Delegates chant slogans as they arrive for the 54th National Conference of the ruling ANC at the Nasrec Expo Centre in Johannesburg. Picture: REUTERS/SIPHIWE SIBEKO
Delegates chant slogans as they arrive for the 54th National Conference of the ruling ANC at the Nasrec Expo Centre in Johannesburg. Picture: REUTERS/SIPHIWE SIBEKO

The ANC has looked upon the heavens for divine intervention as its 54th conference gets under way, with religious leaders blessing the gathering.

Jacob Zuma will take to the podium for the last time as party leader at the conference in Nasrec. He will deliver his final political report to the party.

This comes a few hours after his shocking announcement that free education for the poor and working class will be introduced next year.

It is not clear how the ficus is going to pay for this.

Zuma has also made some strange comments during media interviews. 

In an interview with the SABC he said he did not think he had made any mistakes during his 10-year reign.

Zuma's address to the conference is likely to set the mood for the big fight to follow over credentials. 

Nominations for leadership positions are expected to happen later on Saturday after the conference has dealt with credentials and constitutional amendments. 

Zuma was accompanied to the conference by three of his wives and some of his children.

The different camps on the conference floor - those supporting Cyril Ramaphosa and others backing Nkosazana Dlamini-Zuma - were evident as delegates sang in favour of their preferred candidate.

North West, the ANC Women's League and KwaZulu-Natal delegates sang "Halala Nkosazana. Phakama Nkosazana. Unity masibambane". (Rise Nkosazana rise, the time is now). 

Ramaphosa supporters were singing "Zizojiki iZinto" (Things will change).

But the highly divided delegates sang hymns with one voice, putting aside the differences they had expressed just minutes before.

They answered an emotional plea from one of the religious leaders to rise and seek God’s assistance, to pray that they do not destroy but build.

KwaZulu-Natal ANC leader Sihle Zikalala expressed confidence ahead of the conference starting that Dlamini-Zuma would triumph.

The KwaZulu-Natal provincial executive committee was nullified by a court ruling and its members are among delegates who may not vote at the conference.

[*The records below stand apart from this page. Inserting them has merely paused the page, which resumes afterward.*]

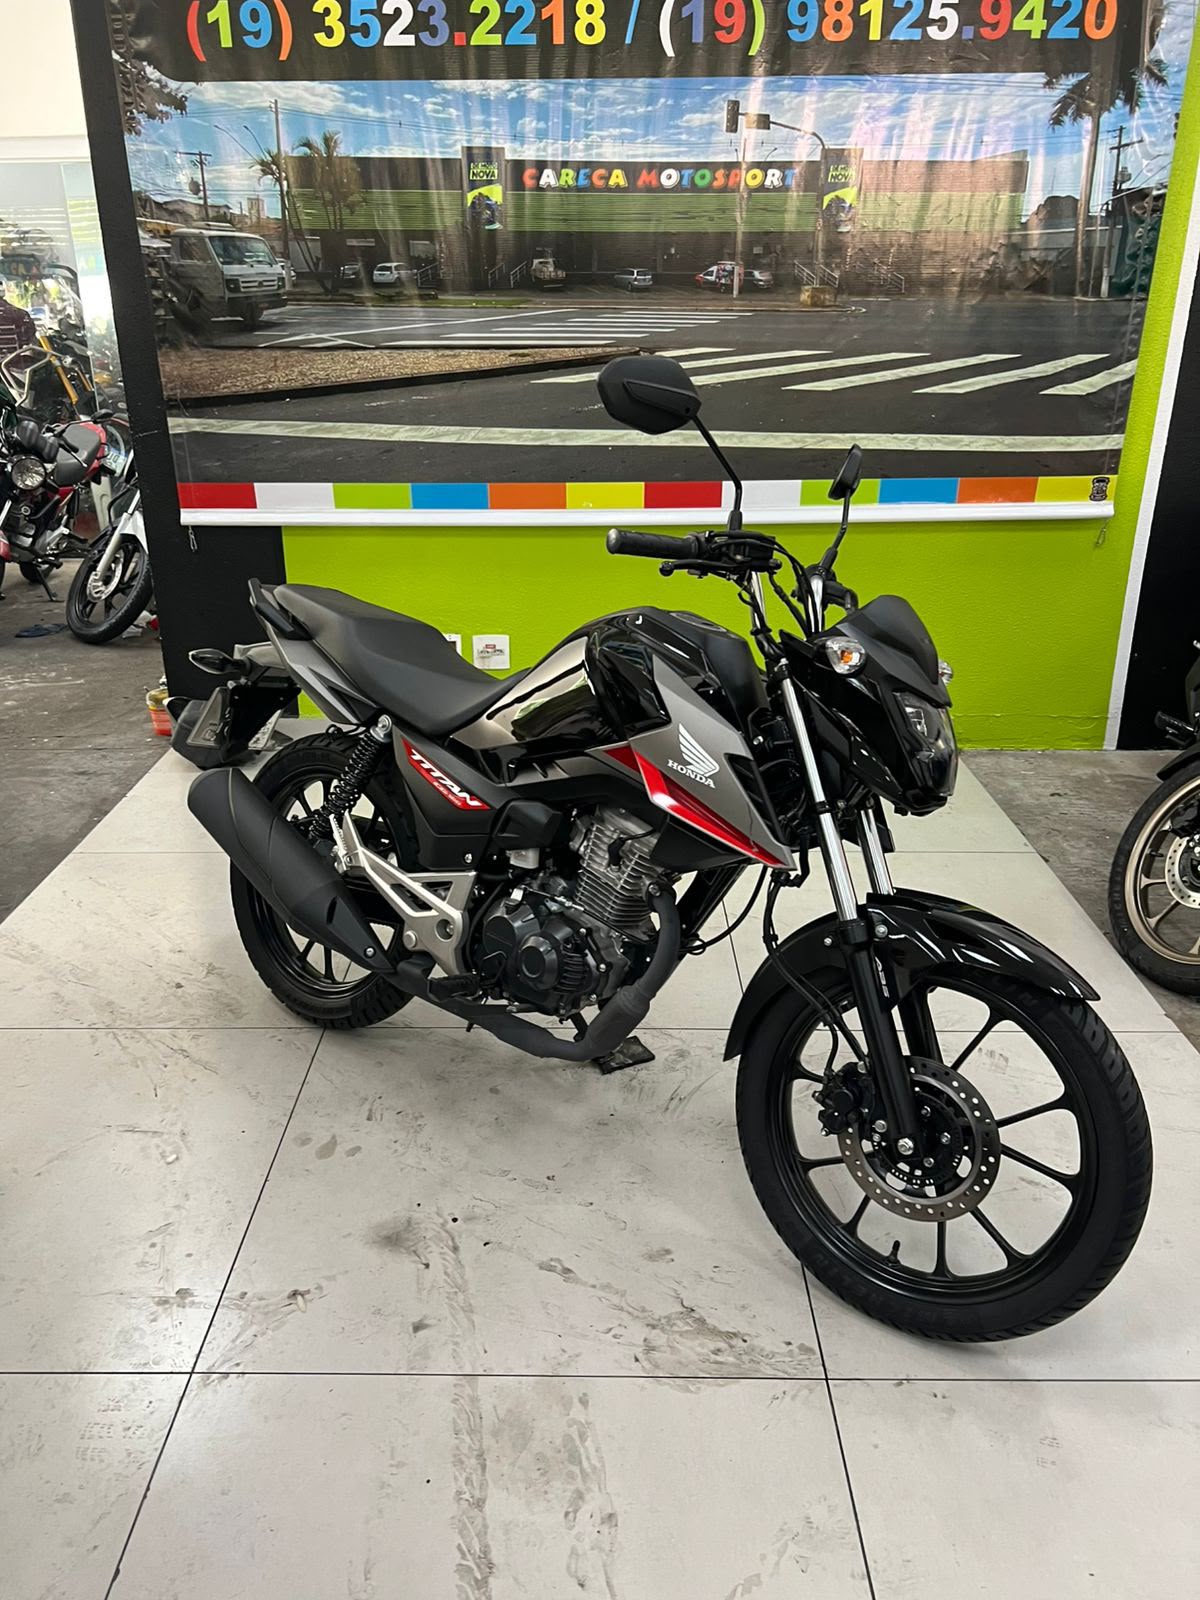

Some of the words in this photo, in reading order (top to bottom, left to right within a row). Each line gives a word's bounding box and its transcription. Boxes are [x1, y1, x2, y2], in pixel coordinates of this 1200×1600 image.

[187, 0, 293, 62] (19)
[313, 0, 606, 48] 3523.2218
[626, 0, 639, 45] /
[660, 0, 766, 57] (19)
[788, 0, 1118, 43] 98125.9420
[471, 169, 497, 179] NOVA
[522, 167, 629, 189] CARECA
[636, 167, 797, 189] MOTOSPORT
[410, 748, 483, 807] TITAN
[667, 759, 716, 789] HONDA

Nonetheless, Zikalala said: “Delegates are determined for radical economic transformation. Delegates are determined to get rid of people who have failed to implement ... a state bank. Delegates are determined that there should be a [state] mining company. It cannot happen if you still have a leadership that does not mirror those resolutions.”

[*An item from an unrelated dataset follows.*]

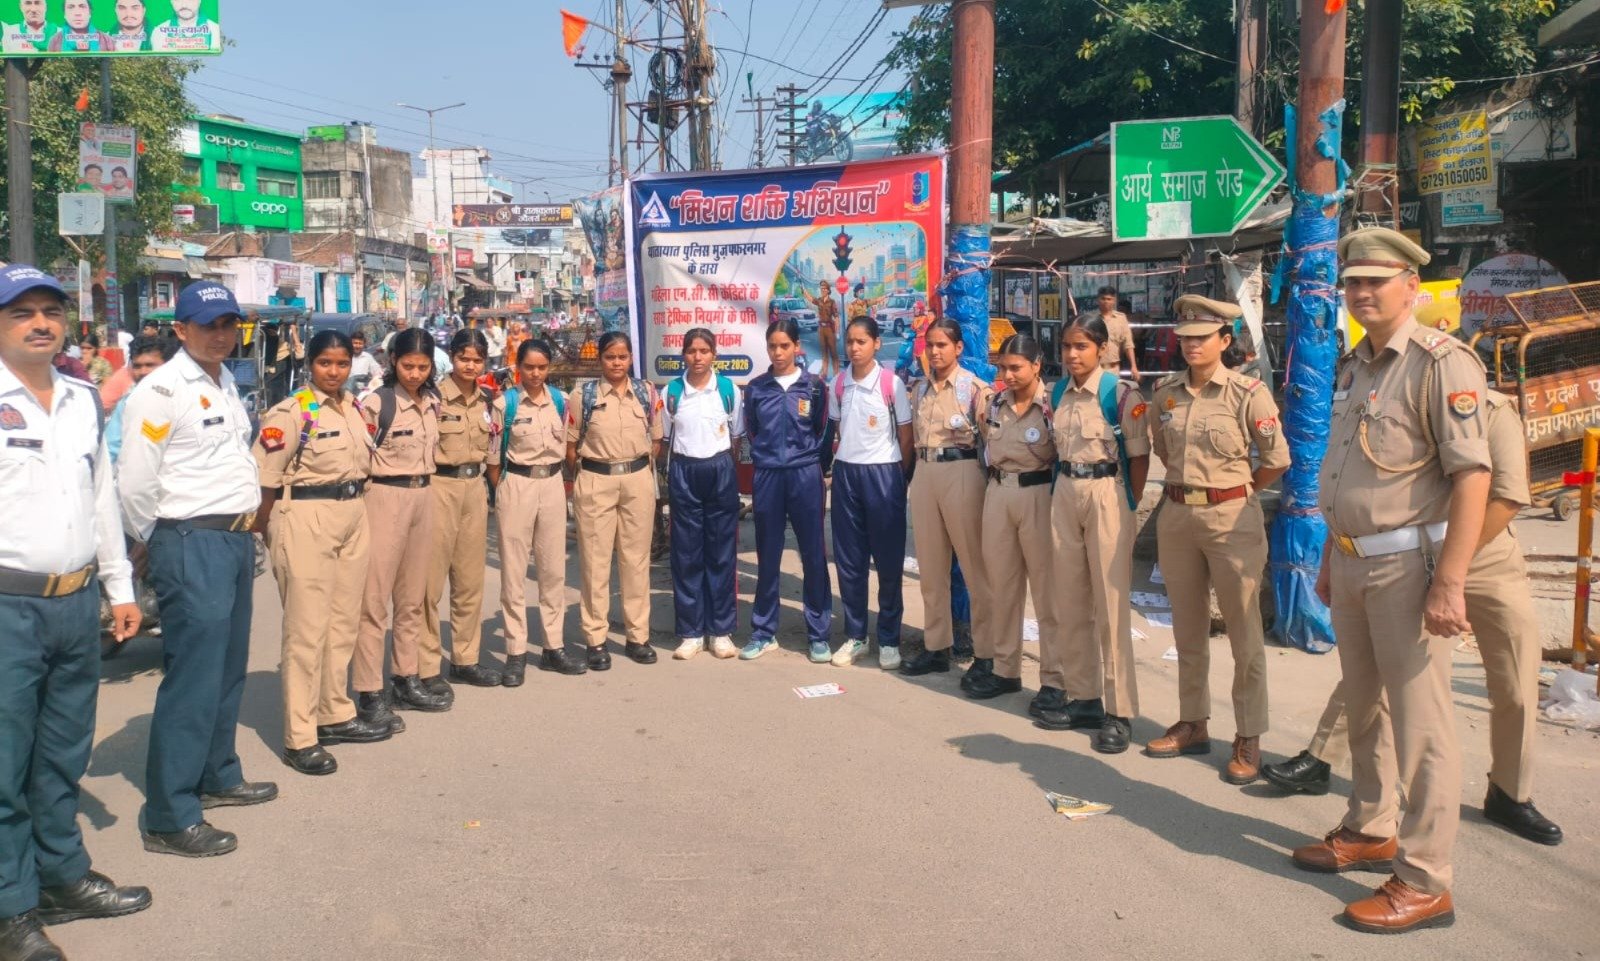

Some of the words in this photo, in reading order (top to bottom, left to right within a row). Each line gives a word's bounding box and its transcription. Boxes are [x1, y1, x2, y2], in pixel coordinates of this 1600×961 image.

When asked whether the province would accept the results of the conference if Dlamini-Zuma lost‚ Zikalala replied: “As we are here‚ we are here as the ANC. The results will be accepted.”

Ramaphosa looked the early favourite in the lively run-up to the conference: a group from Gauteng‚ Northern Cape and KwaZulu-Natal entered the venue in the morning chanting pro #CR17 songs.

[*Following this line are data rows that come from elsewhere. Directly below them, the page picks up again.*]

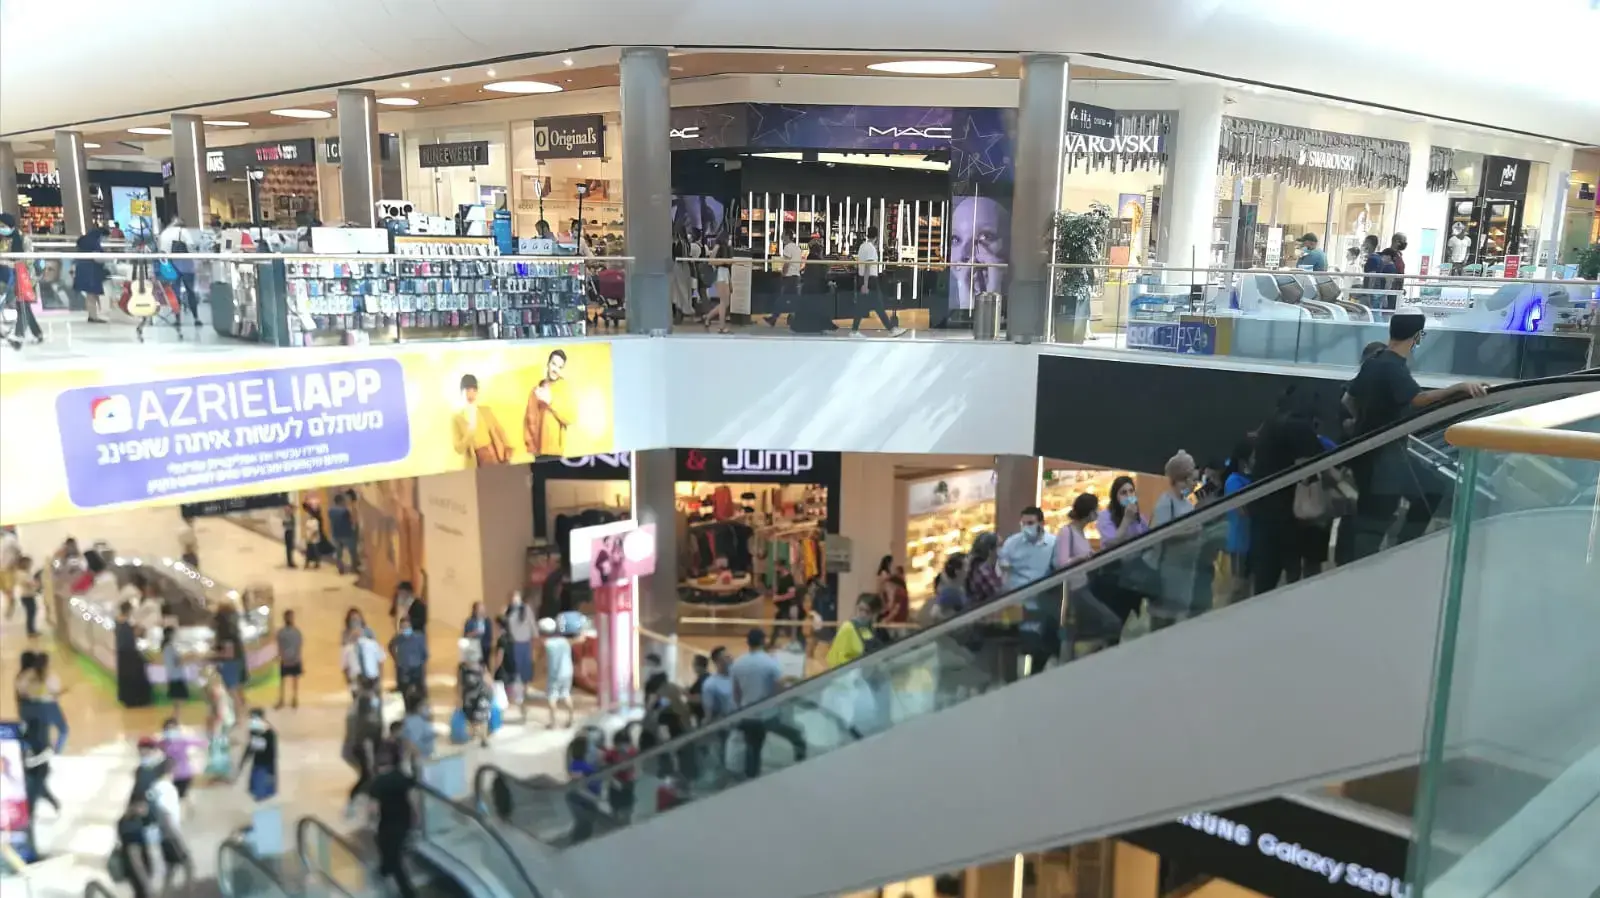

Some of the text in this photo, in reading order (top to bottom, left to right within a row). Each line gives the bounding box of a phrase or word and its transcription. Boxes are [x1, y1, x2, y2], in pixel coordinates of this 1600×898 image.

[869, 126, 952, 138] MAC
[1309, 151, 1355, 170] SWAROVSKI
[236, 417, 302, 446] לעשות
[309, 410, 384, 437] משתלם
[97, 437, 169, 465] שופינג
[175, 428, 232, 456] איתה
[1257, 832, 1345, 884] Galaxy
[1344, 862, 1391, 896] S20

"Siyeza siphete iBuffalo‚" sang the Gauteng group‚ indicating Ramaphosa is their preferred candidate.

"Ha tsa maye"‚ a group of Northern Cape delegates sang.

Security has been beefed up around the main entrance‚ with some police officers riding horses as they monitor proceedings. 

"Siyovotela wena Nkosazana‚" sang another group from KwaZulu-Natal‚ saying they will vote for Nkosazana Dlamini Zuma.